Records supplied ▸
⟨

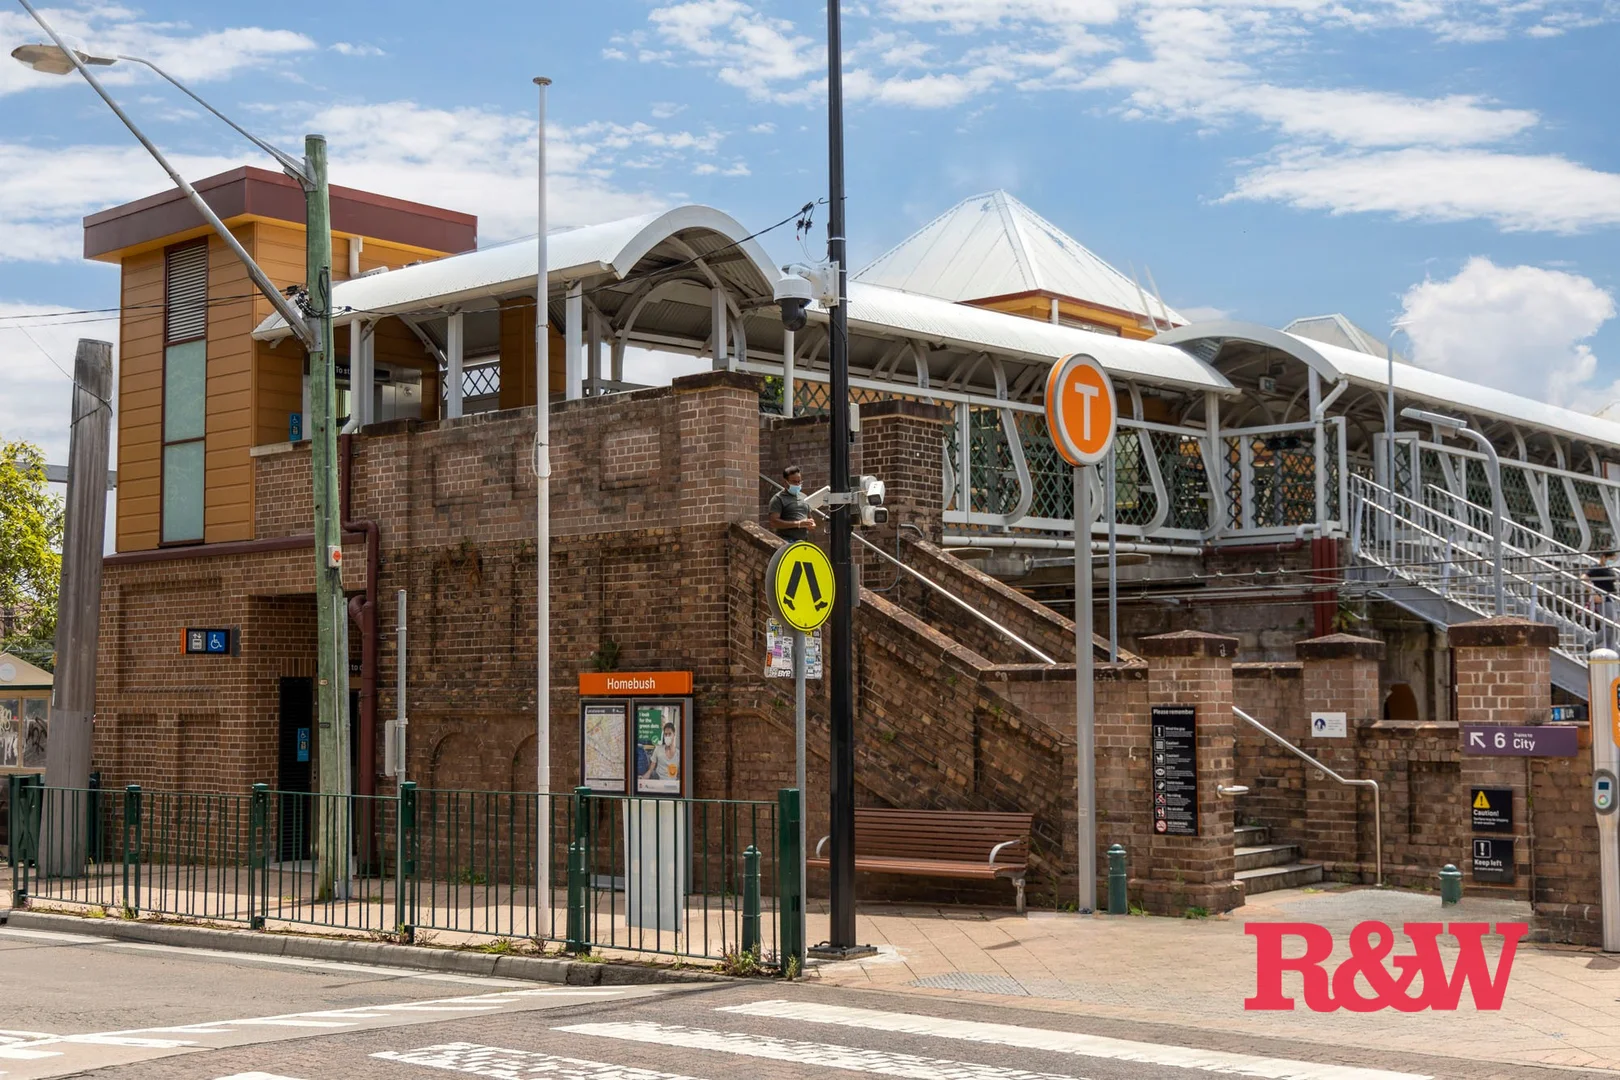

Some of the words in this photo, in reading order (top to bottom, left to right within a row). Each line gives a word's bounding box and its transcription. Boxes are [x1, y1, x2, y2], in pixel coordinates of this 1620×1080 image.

[1074, 382, 1099, 441] T
[607, 677, 656, 690] Homebush
[1494, 732, 1506, 748] 6
[1513, 739, 1535, 751] City
[1473, 809, 1500, 817] Caution!
[1474, 859, 1490, 867] Keep
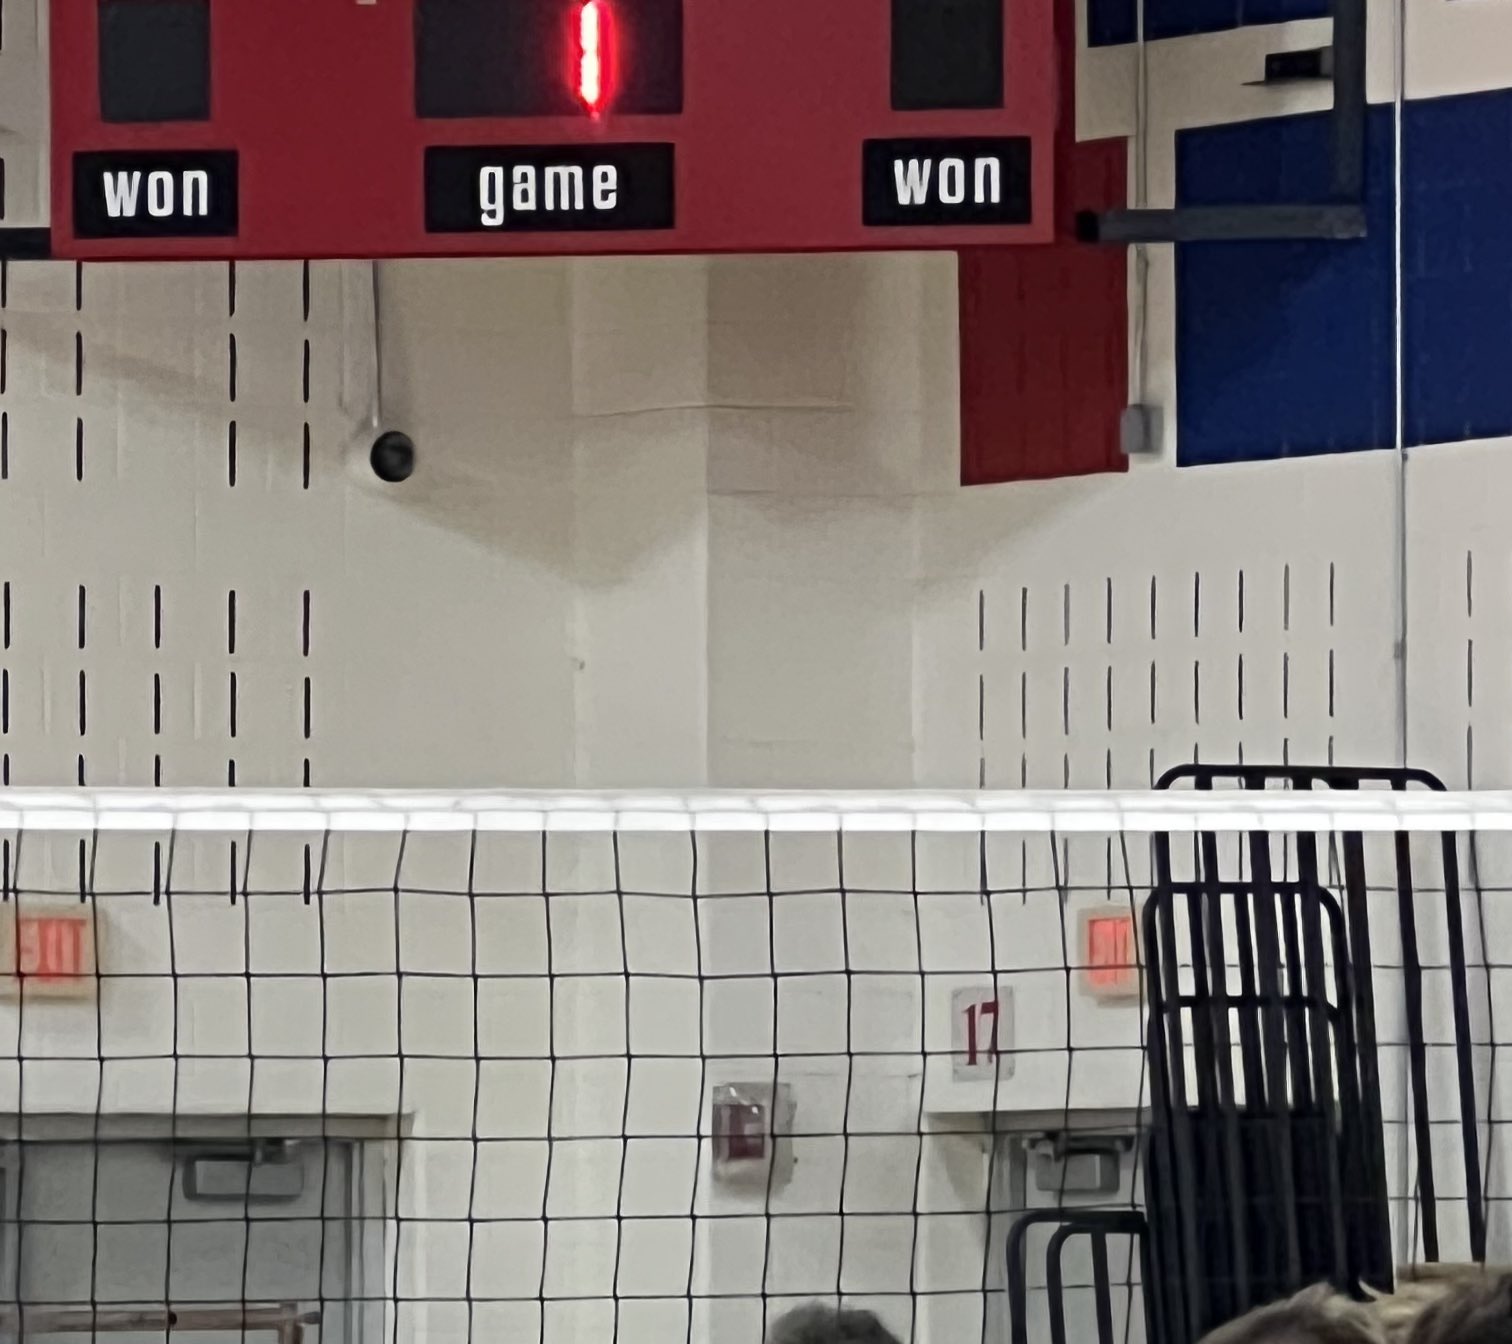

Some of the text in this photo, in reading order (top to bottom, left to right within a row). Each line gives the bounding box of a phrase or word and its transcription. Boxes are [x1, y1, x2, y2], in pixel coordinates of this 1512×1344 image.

[102, 169, 209, 217] won
[479, 164, 618, 227] game
[893, 156, 1001, 206] won
[963, 1001, 999, 1066] 17

⟩

Problem requirements ▸ Exclude every picture and restate the listing word for word.

The completed task ▸
Some of the words in this photo, in reading order (top to bottom, left to right within a row). Each line gives a word's bounding box and its transcription. Boxes are [x1, y1, x2, y2], in pixel coordinates of this 1620×1080 image.

[1074, 382, 1099, 441] T
[607, 677, 656, 690] Homebush
[1494, 732, 1506, 748] 6
[1513, 739, 1535, 751] City
[1473, 809, 1500, 817] Caution!
[1474, 859, 1490, 867] Keep

Some of the text in this photo, in reading order (top to bottom, left to right within a row). Each line gives the bounding box of a phrase or word and its transcription. Boxes are [x1, y1, x2, y2], in pixel coordinates of this 1512×1344 image.

[102, 169, 209, 217] won
[479, 164, 618, 227] game
[893, 156, 1001, 206] won
[963, 1001, 999, 1066] 17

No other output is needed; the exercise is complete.